Biosketch:
Leemore Dafny is assistant professor of management and strategy at Northwestern's
Kellogg School of Management. Trained as an economist, Dafny uses econometric
methods to investigate the impact of public health insurance on healthcare
costs and expenditures and to study competition in healthcare markets.
Using nationwide data on Medicare beneficiaries, Dafny has examined
the impact of Medicare pricing on the quantity and quality of inpatient
admissions. She has also explored the strategic behavior of hospitals
in surgical fields, finding evidence that hospitals may acquire additional
experience in certain surgeries in order to deter entry by other providers.

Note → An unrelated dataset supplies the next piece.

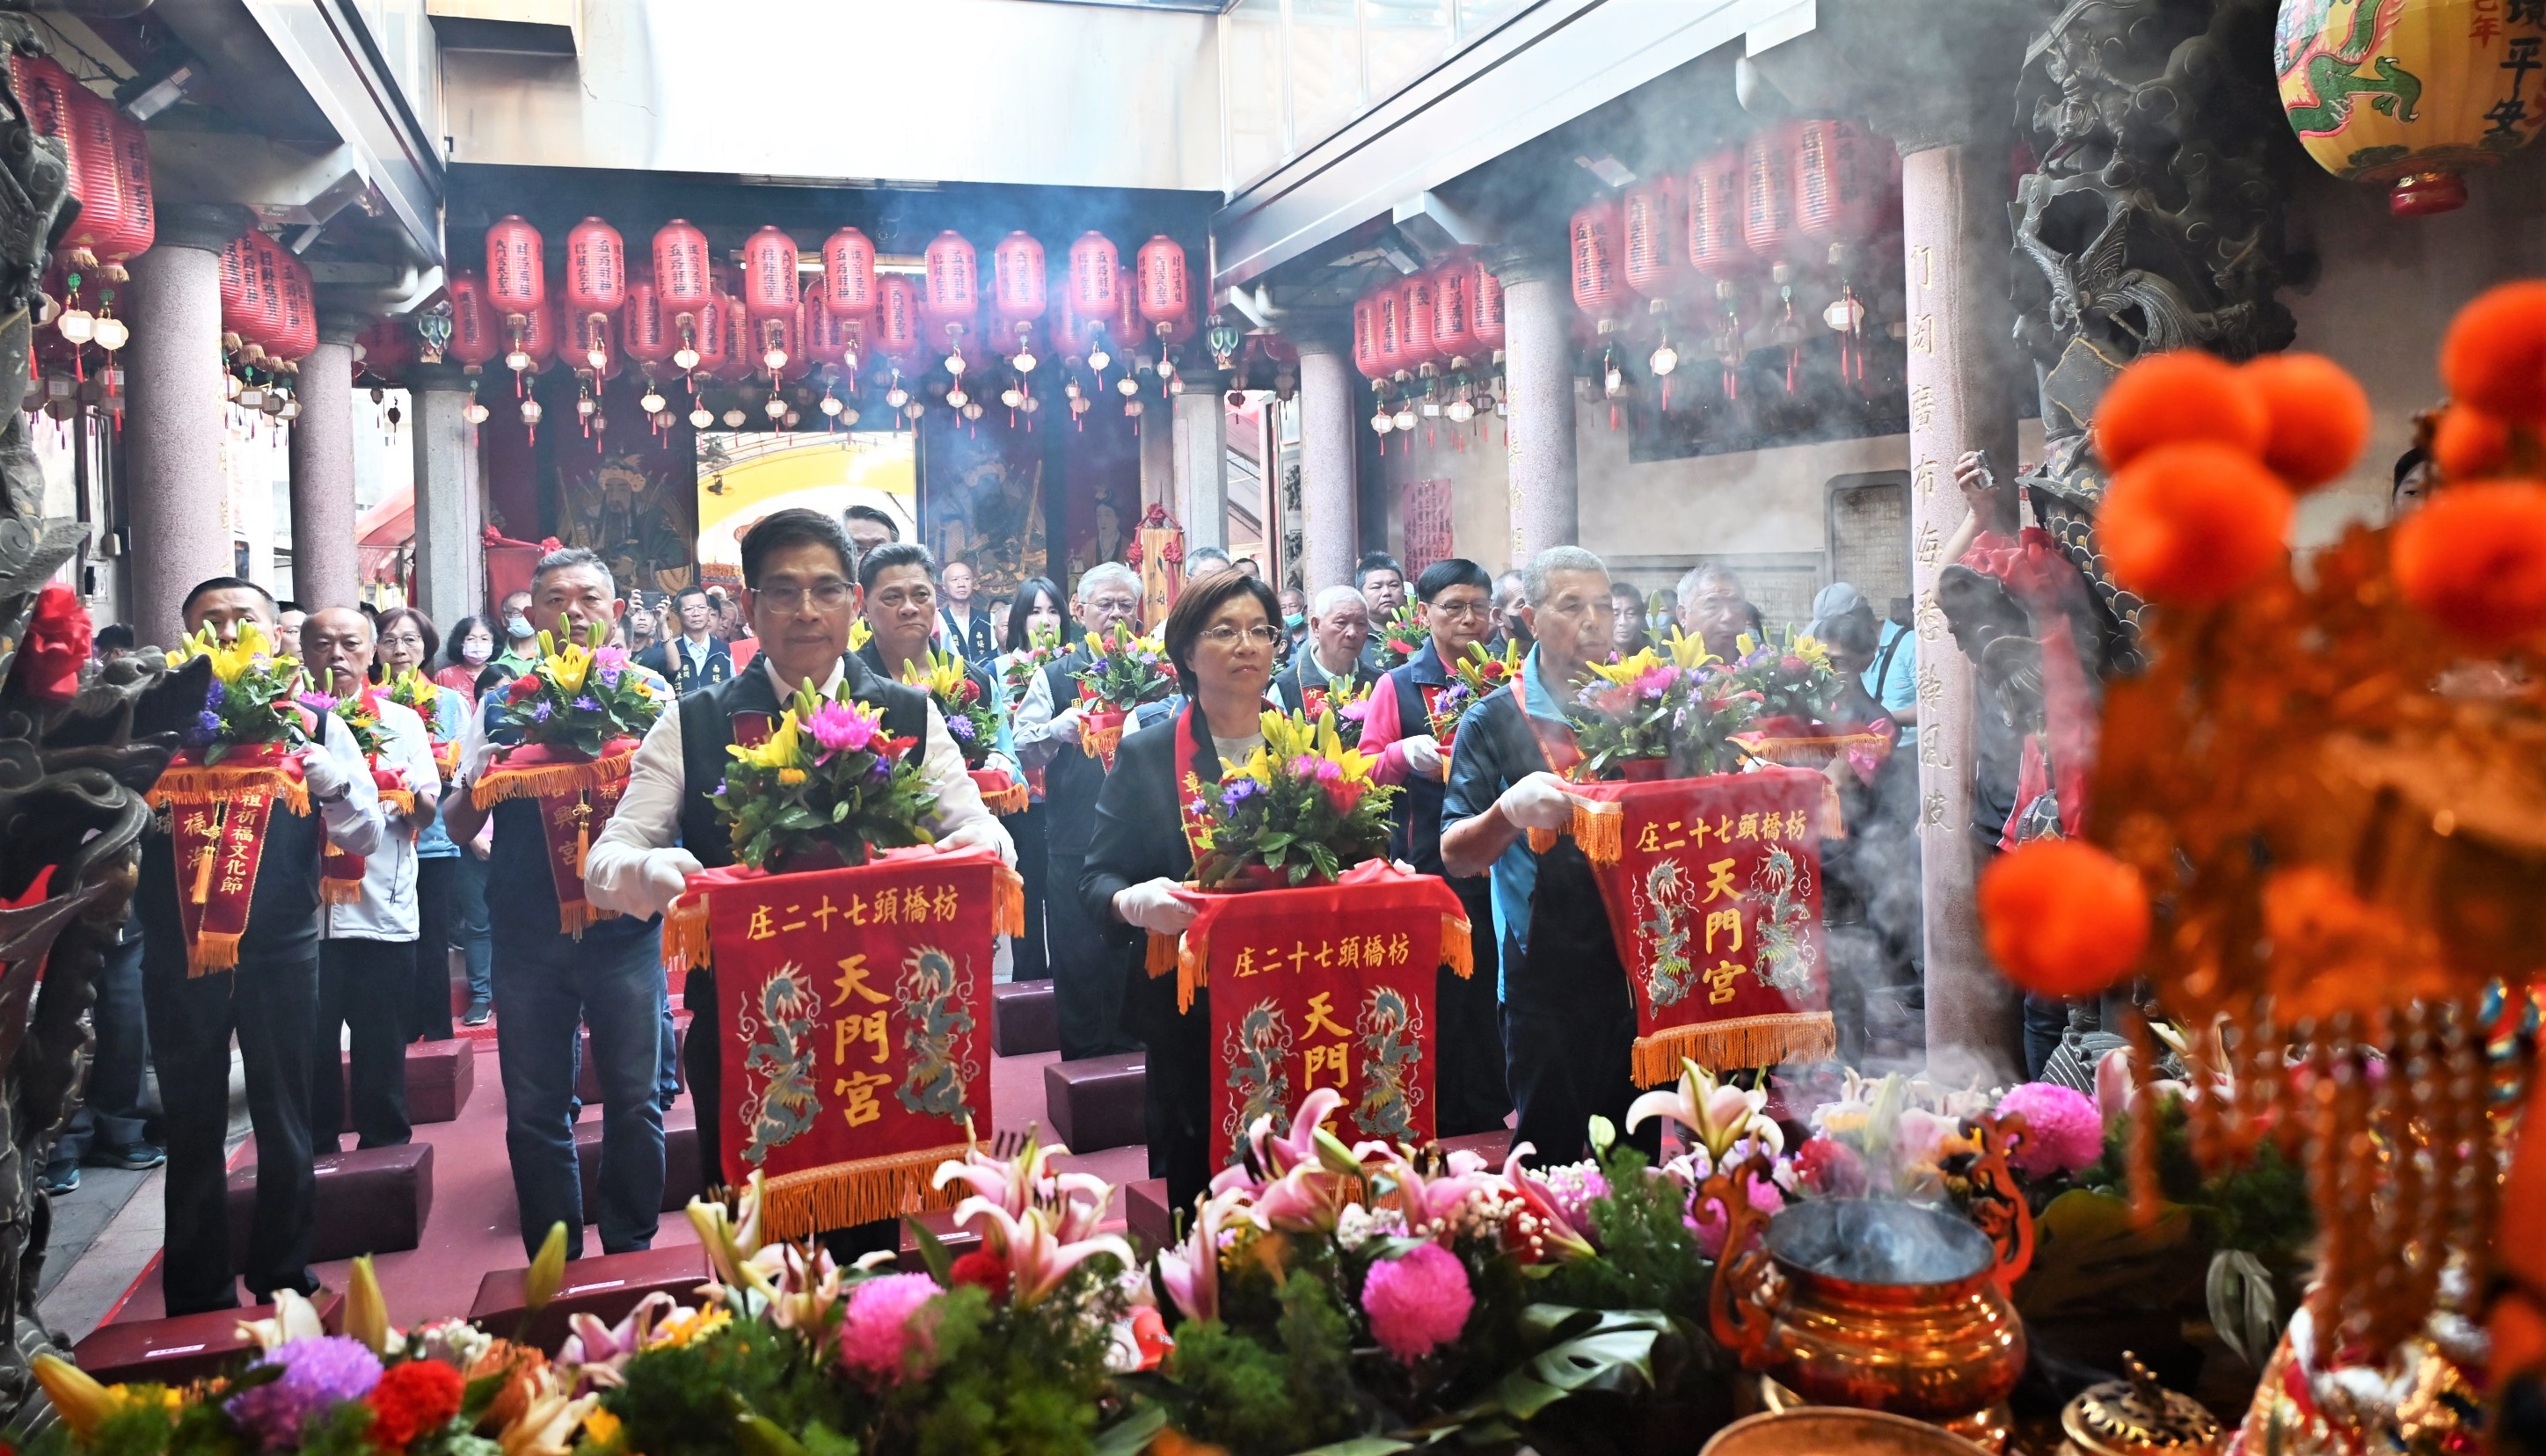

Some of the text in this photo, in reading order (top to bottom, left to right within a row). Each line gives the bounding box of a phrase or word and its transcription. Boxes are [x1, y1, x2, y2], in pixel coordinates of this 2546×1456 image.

[1701, 857, 1747, 1006] 天門宮
[828, 953, 893, 1128] 天門宮

Currently, Dafny is investigating the effects of quality reporting on
the Medicare HMO market, as well as exploring the impacts of hospital
mergers on inpatient prices. Dafny is also a Faculty Research Fellow
of the National Bureau of Economic Research in Cambridge, Mass.
Abstract:
Very little is
known about the degree of competition in the private health insurance
industry, despite its large and growing role in U.S. healthcare. Data
is extremely difficult to obtain because health insurance contracts are
complex, renegotiated annually, and not subject to reporting requirements.
This study explores competitive behavior in local geographic markets by
making use of a privately-gathered national database of insurance contracts
agreed upon by a sample of large, multisite employers. I search for evidence
of direct price discrimination by examining whether insurers successfully
charge higher premiums to more profitable firms. I find they do, and the
results are robust to specifications that rely only on shocks to the profits
of given company over time and thus use no cross-firm variation. Moreover,
the practice is strongest in markets with few insurers. Specifically,
I find a multisite firm with a 10-percentage-point increase in profit
margins will subsequently pay 1.5 percent more for health insurance, but
only at sites served by 6 or fewer major carriers. This evidence of direct
price discrimination suggests that, at least in some markets, imperfect
competition among carriers is leading to higher health insurance premiums.